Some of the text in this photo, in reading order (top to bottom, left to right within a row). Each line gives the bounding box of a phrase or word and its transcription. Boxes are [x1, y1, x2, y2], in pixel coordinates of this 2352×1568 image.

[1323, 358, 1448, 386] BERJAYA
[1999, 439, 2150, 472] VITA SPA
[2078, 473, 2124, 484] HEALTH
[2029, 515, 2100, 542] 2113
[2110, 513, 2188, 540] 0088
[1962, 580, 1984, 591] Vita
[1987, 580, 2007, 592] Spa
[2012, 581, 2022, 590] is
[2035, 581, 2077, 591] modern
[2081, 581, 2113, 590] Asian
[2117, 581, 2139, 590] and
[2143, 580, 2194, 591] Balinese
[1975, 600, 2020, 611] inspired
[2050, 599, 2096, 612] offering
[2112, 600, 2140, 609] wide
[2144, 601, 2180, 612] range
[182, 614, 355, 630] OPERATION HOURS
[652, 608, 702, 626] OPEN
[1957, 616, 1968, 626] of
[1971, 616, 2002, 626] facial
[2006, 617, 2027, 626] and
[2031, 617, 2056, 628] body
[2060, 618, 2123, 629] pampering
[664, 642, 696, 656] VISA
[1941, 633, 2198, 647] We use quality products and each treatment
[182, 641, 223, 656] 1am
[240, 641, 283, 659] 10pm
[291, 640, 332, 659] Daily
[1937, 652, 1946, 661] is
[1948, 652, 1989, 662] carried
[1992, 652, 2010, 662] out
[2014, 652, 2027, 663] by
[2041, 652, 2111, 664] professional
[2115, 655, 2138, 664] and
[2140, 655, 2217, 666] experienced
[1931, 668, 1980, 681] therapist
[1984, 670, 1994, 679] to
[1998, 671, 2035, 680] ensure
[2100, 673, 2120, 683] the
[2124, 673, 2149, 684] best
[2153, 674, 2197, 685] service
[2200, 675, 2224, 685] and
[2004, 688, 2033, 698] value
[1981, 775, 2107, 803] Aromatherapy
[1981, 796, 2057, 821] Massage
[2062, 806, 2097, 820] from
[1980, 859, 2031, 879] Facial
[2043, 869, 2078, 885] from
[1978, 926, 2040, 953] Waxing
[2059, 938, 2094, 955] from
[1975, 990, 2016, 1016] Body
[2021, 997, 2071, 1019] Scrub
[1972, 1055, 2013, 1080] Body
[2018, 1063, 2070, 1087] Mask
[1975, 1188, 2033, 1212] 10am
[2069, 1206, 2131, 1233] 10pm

-- -- --

What you will do: Pull out each line of the records holding the string "from".

Output below:
[2062, 806, 2097, 820] from
[2043, 869, 2078, 885] from
[2059, 938, 2094, 955] from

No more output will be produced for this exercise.